(Stored dataset items)
---*---

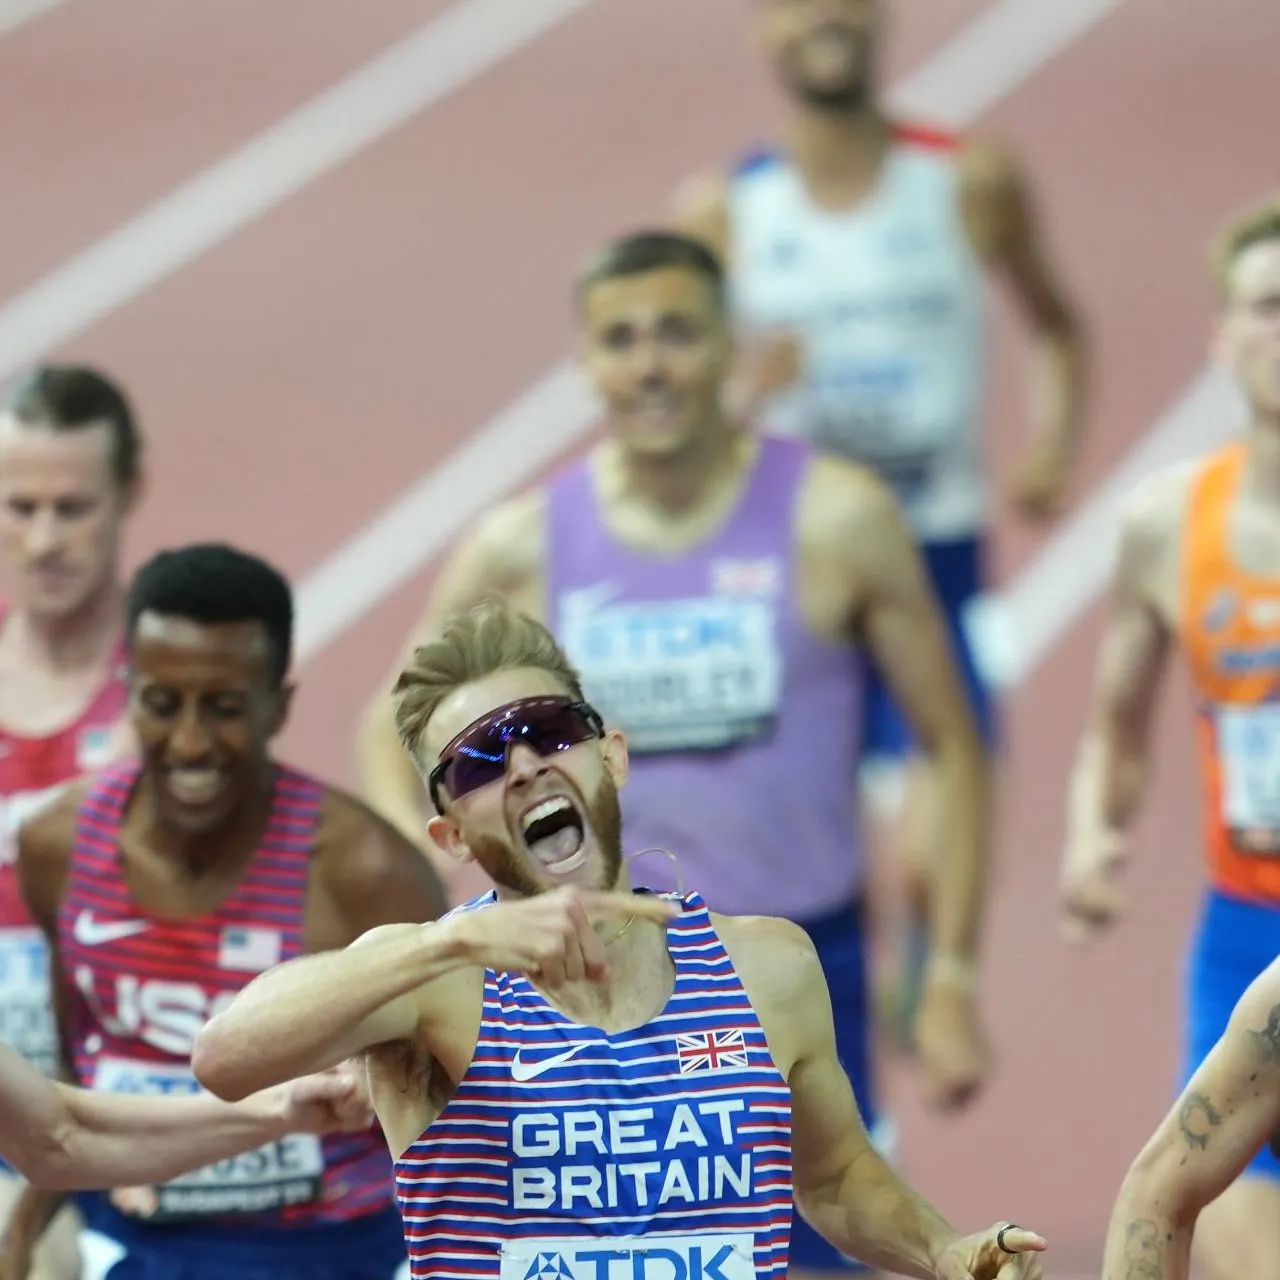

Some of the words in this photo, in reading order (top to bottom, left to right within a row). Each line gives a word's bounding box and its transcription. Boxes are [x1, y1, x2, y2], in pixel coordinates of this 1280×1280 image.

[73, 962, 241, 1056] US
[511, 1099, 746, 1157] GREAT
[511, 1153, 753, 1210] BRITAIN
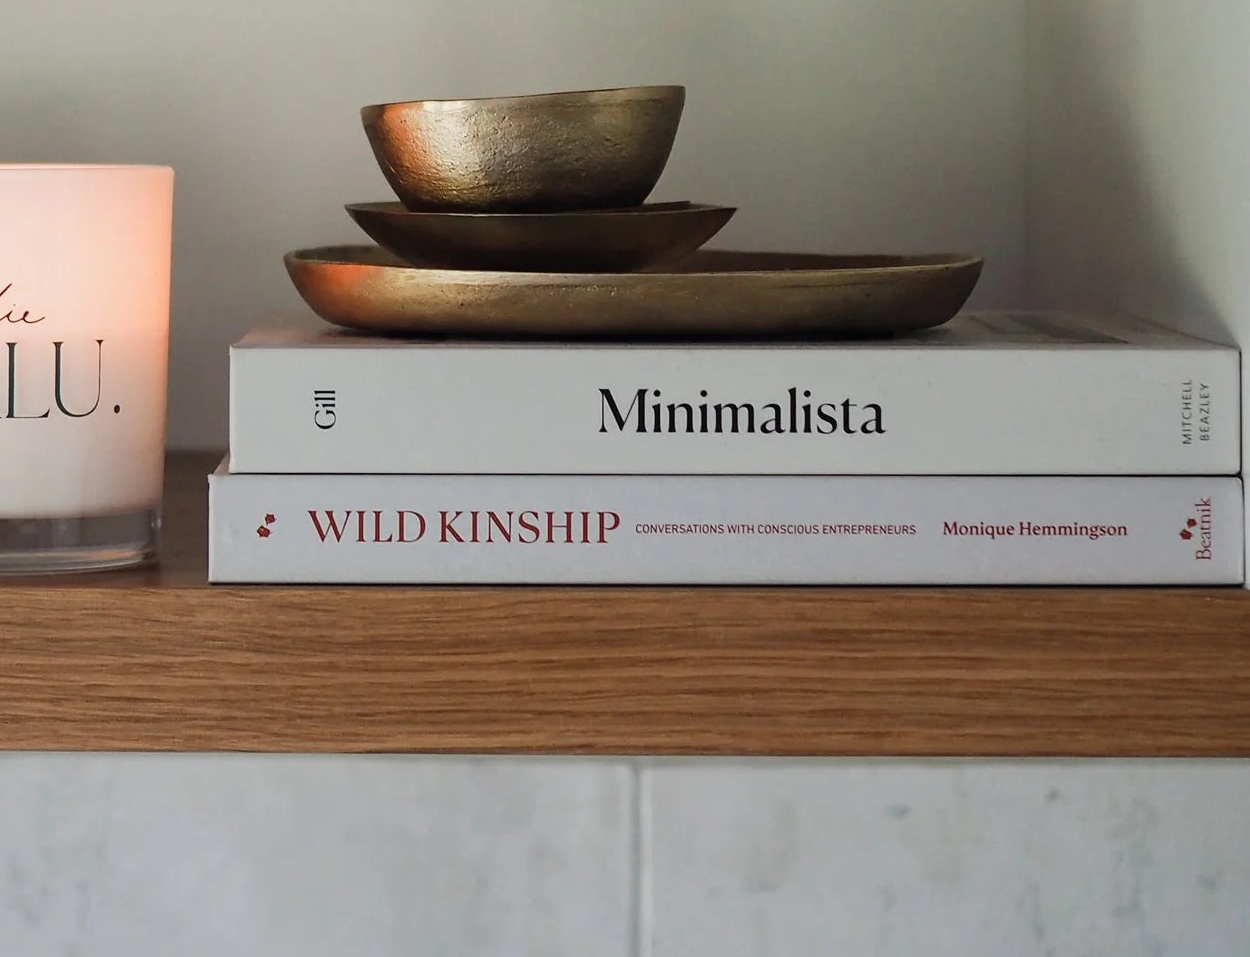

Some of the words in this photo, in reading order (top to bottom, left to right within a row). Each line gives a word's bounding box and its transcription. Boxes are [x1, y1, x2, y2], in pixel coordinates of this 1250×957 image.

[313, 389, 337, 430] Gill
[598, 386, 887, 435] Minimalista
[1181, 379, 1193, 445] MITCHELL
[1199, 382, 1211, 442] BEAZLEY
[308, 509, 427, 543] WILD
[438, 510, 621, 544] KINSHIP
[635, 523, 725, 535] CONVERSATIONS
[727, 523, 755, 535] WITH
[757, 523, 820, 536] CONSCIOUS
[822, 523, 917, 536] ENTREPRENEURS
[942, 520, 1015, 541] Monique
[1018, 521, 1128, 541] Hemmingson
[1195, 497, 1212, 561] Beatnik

---*---

== What you have to do ==
Leave the pictures out and copy the rest of the data exactly.

== Solution to this exercise ==
Some of the words in this photo, in reading order (top to bottom, left to right within a row). Each line gives a word's bounding box and its transcription. Boxes are [x1, y1, x2, y2], in pixel coordinates of this 1280×1280 image.

[73, 962, 241, 1056] US
[511, 1099, 746, 1157] GREAT
[511, 1153, 753, 1210] BRITAIN

Some of the words in this photo, in reading order (top to bottom, left to right within a row). Each line gives a word's bounding box and its transcription. Boxes are [x1, y1, x2, y2], in pixel coordinates of this 1250×957 image.

[313, 389, 337, 430] Gill
[598, 386, 887, 435] Minimalista
[1181, 379, 1193, 445] MITCHELL
[1199, 382, 1211, 442] BEAZLEY
[308, 509, 427, 543] WILD
[438, 510, 621, 544] KINSHIP
[635, 523, 725, 535] CONVERSATIONS
[727, 523, 755, 535] WITH
[757, 523, 820, 536] CONSCIOUS
[822, 523, 917, 536] ENTREPRENEURS
[942, 520, 1015, 541] Monique
[1018, 521, 1128, 541] Hemmingson
[1195, 497, 1212, 561] Beatnik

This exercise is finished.